(Free-text object descriptions)
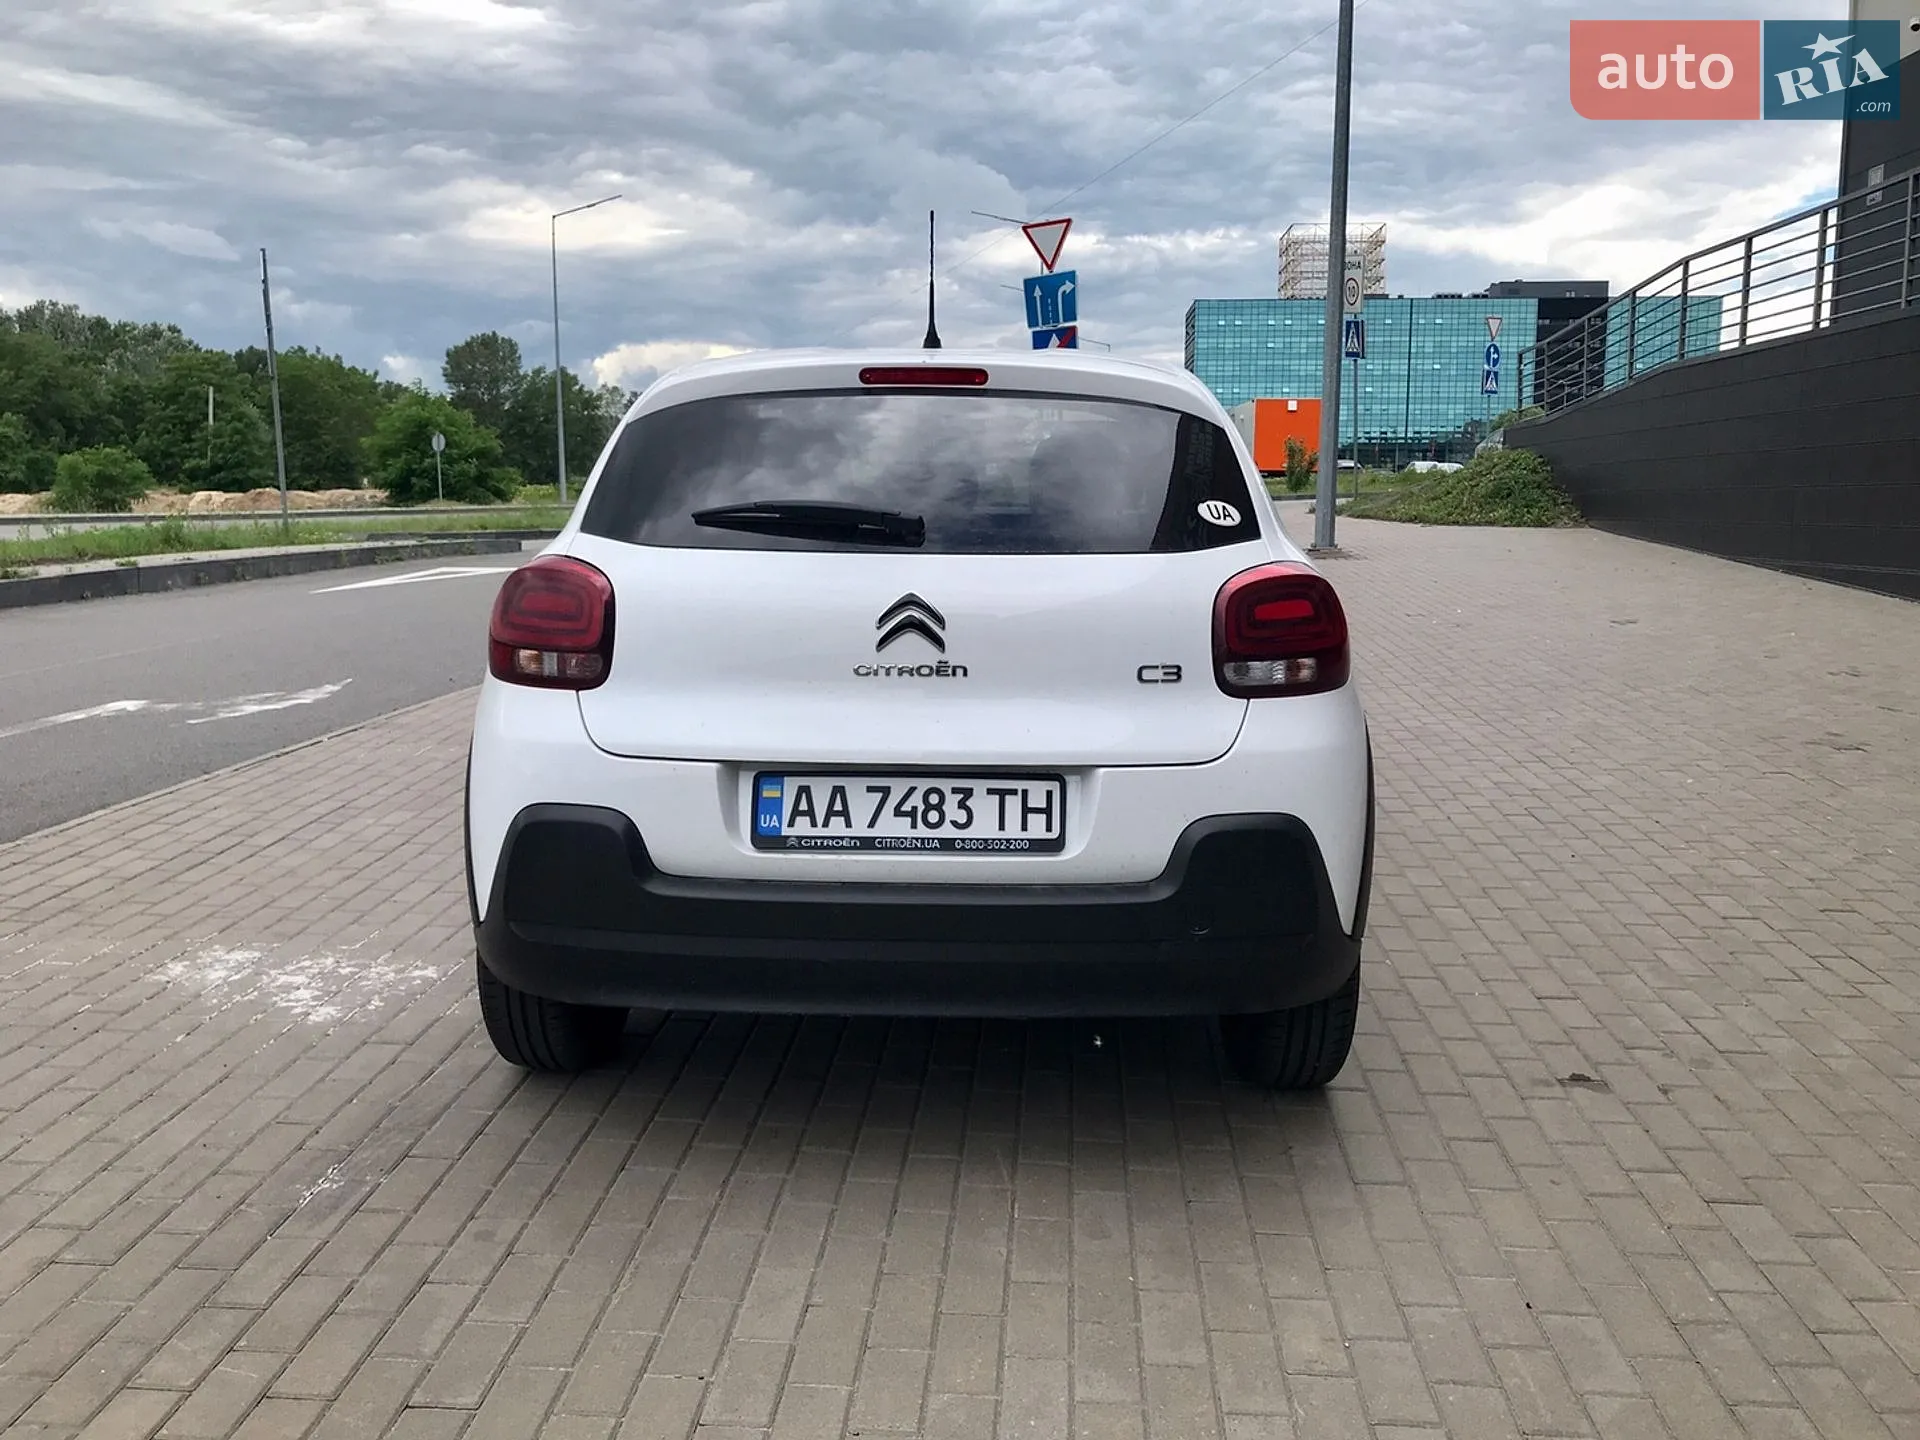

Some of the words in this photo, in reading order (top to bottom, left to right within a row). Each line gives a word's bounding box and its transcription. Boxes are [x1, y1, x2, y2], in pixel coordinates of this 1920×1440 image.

[1206, 504, 1235, 522] UA
[1136, 664, 1183, 684] C3
[786, 785, 852, 829] AA
[865, 785, 974, 830] 7483
[986, 788, 1053, 833] TH
[760, 814, 780, 829] UA

> [What the task requires]
Output each record verbatim, but skip anything that is a picture.

> [Task solution]
Some of the words in this photo, in reading order (top to bottom, left to right within a row). Each line gives a word's bounding box and its transcription. Boxes are [x1, y1, x2, y2], in pixel coordinates of this 1920×1440 image.

[1206, 504, 1235, 522] UA
[1136, 664, 1183, 684] C3
[786, 785, 852, 829] AA
[865, 785, 974, 830] 7483
[986, 788, 1053, 833] TH
[760, 814, 780, 829] UA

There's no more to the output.